I don't know.  Do you think Ashida Kim could beat Christopher Lambert?  I'm pretty sure he couldn't handle Adrian Paul.


----------



## MartialArtist (May 28, 2003)

> _Originally posted by Judo-kid _
> *Ashida Kim Is a liar, a punk and a idoit. *


No he's not


----------



## Bob Hubbard (May 28, 2003)

> _Originally posted by MartialArtist _
> *No he's not *



I agree.

Given the number of books he's got on the market, and the fact that they do continue to sell well (otherwise I wouldnt keep finding em at my local bookstores) I doubt very much he is an idiot.

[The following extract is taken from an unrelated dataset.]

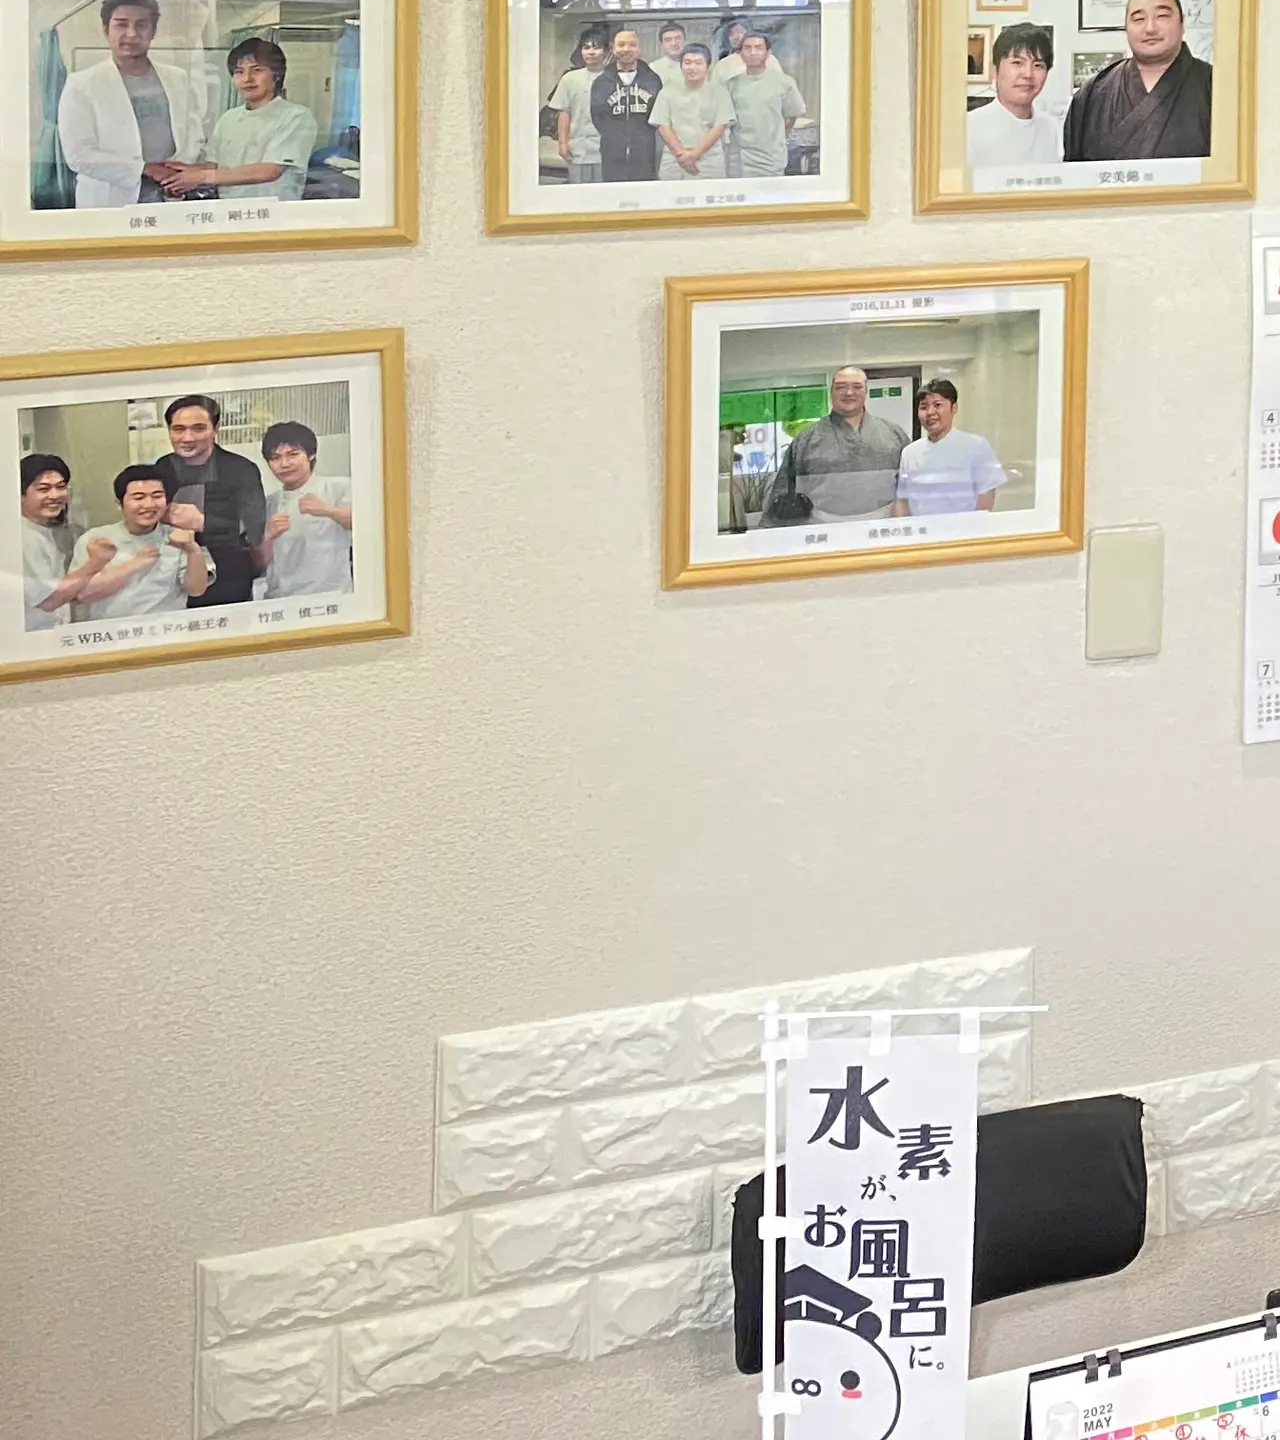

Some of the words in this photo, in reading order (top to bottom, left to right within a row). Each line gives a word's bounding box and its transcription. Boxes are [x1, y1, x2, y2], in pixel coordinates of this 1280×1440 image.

The liar part I can't say.

As to his being a punk...if we are talking attitude, mayhaps.  Otherwise, again, I dunno.


----------



## MartialArtist (May 29, 2003)

Funny Ashida Kim's real name is Christopher Hunter, he changed it to sound more Eastern...  Damn, at least study names before trying to pose as something you are not.  Kim is the most common surname in Korea, which is unique in Korea only.  Not many people outside Korea have Kim as their surname.  Ashida is a Japanese name that's not used so much anymore.  So unless his father was Korean, and the mother probably being Japanese hence the naming of "Ashida", and gave birth do a pale, skinny white man who has never trained in his life, then yes, Ashida is legit.  Legit as in his name.  His legitimacy on the MA is :rofl: 

But he does have skills in marketing.  Even on amazon.com, his books have a 3 star average rating...  Most of the ratings are done by him or by his buddies (check the e-mail addresses, IPs, etc.).  This could dupe people fairly easily.


----------



## MartialArtist (May 29, 2003)

http://www.icmaua.com/ArtistsEncyclopediaS.htm

None of his claims really go through.  Hosting Mas Oyama?  Define hosting.  Does hosting mean taking a picture?  Does hosting mean he trained with Oyama?

The funniest claim is this:



> Awarded the prestigious Honorary title of Doctor PH.D. MA  for the studies of Asian & Middle Eastern cultures relating to Martial Arts.
> 
> (from Trinity College in Delaware, U.S.A.)


http://www.trincoll.edu/pub/ - Trinity College is in Conneticut, not Delaware.  Unless Delaware has some branch (unlikely) in Delaware...

There is no such thing as a Doctor PhD in MA.  From what I've seen so far, Trinity does not even offer honorary titles nonetheless a PhD in MA.  MA is not even a field of study there.  Dubious claims.

Something as large as an honorary title of* Doctor PhD* should be big enough to be in some local media sources, or at least be searchable on the college's website.  Nada.  There was a local WWII veteran who got an honorary diploma, and was all over the local news.  And a high school diploma is far less of that of something like a Doctor PhD in MA, whatever that is.


----------



## dearnis.com (Jun 5, 2003)

No Trinity College in Delaware.
:shrug:


----------



## J-kid (Jun 6, 2003)

Give me a break he must be a the real deal i mean not only is he a master of martial arts and sex but he is also a world leader a Jedi master and the list gos on.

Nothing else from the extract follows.